Damn, they were using the O. His own pucker factor was damned high, fifty psi at least; he figured the lip- lock he had on his seat right now would keep him anchored against a minus-five G outside loop. Sunshine sounded as cool and as hard as the ice clinging to the hillsides flashing past either side of the hurtling A-6. On his VDI, his bomb-release marker slid rapidly down his course line.
Five hundred feet…
Leninskiy Nesokrushimyy Pravda was well clear of the submarine docking area outside of the cavern, slipping easily through oily water into the main Polyamyy channel.

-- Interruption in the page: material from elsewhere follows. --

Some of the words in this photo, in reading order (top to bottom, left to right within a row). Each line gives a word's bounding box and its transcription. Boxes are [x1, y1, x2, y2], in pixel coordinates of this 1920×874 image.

'Helm,' Chelyag said. 'Come left five degrees. Make revolutions for ten knots.'
'Comrade Captain!' the radar officer called from his console. 'Enemy aircraft, approaching from the north!'
So much for Karelin's promises. 'Maintain course,' he said, keeping his voice as calm as ice. 'Weapons officer, stand by to fire missile number one.'
'Missile one ready, Comrade Captain.'
'Fire number one!'
Willis could see the target now, a Typhoon ballistic-missile sub just sliding clear of the moles sheltering a Russian submarine base. It had turned its huge, blunt nose toward the north, toward him, giving him a narrower target than he'd hoped for.

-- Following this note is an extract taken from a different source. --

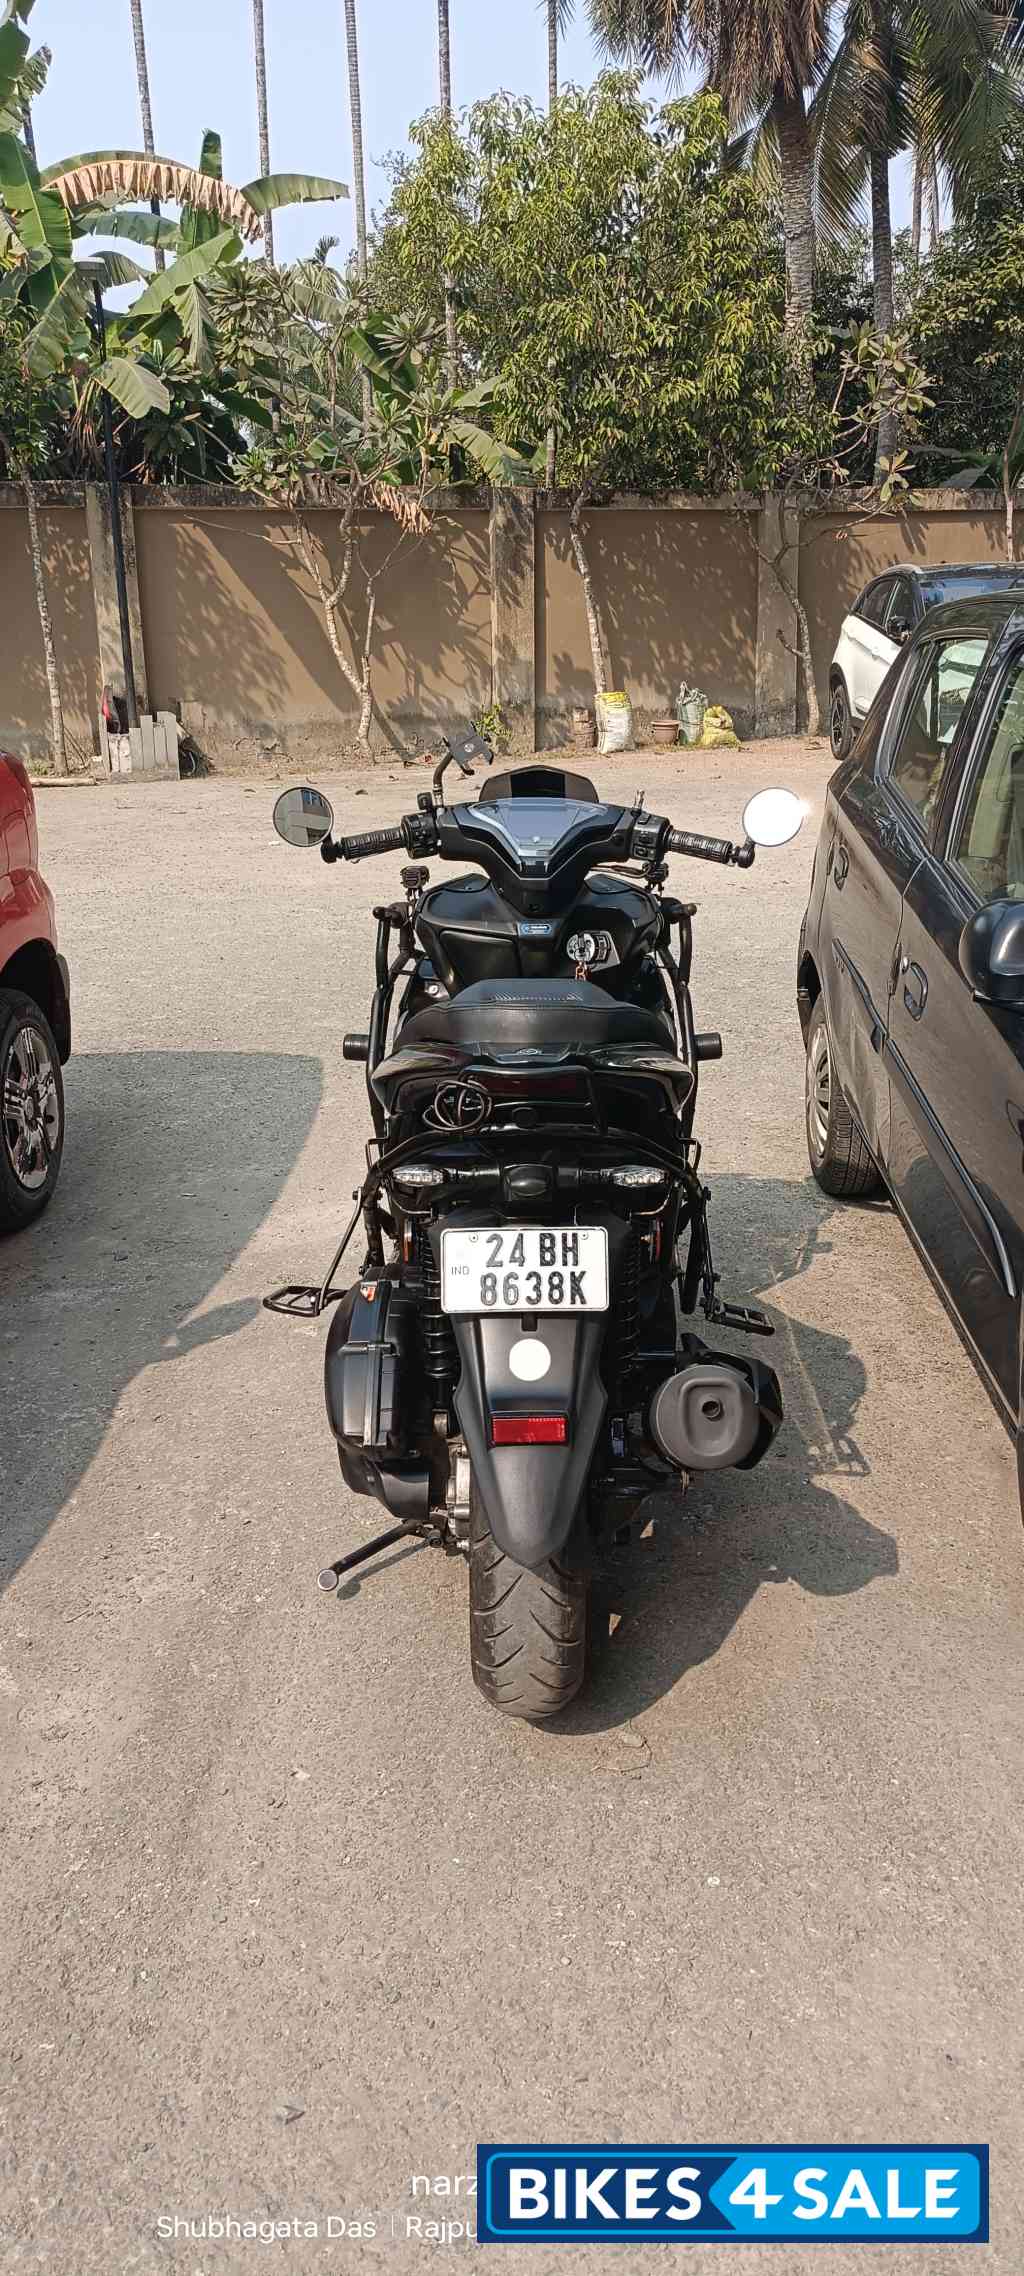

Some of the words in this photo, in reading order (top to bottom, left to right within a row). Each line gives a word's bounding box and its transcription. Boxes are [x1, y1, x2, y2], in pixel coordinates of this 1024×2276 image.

[486, 1232, 526, 1267] 24
[539, 1232, 579, 1267] BH
[480, 1270, 587, 1306] 8638K

But the thing was still over five hundred feet long, a target almost indecently difficult to miss.
Triple-A filled the sky, rocking the Intruder violently. Something struck the plane's nose, but he held the stick steady. A little bit more…
The release pipper hit the bottom of the screen, and Willis squeezed the pickle. Five-hundred-pound bombs bump-bump-bumped clear of the Intruder's belly, spilling into the air in a deadly rain.
Rivera had a perfect view of the attack, the huge Ballistic-missile sub turning ponderously into the Polyamyy channel, the Intruder sweeping down from the north through a sky suddenly crowded with antiaircraft and missile fire.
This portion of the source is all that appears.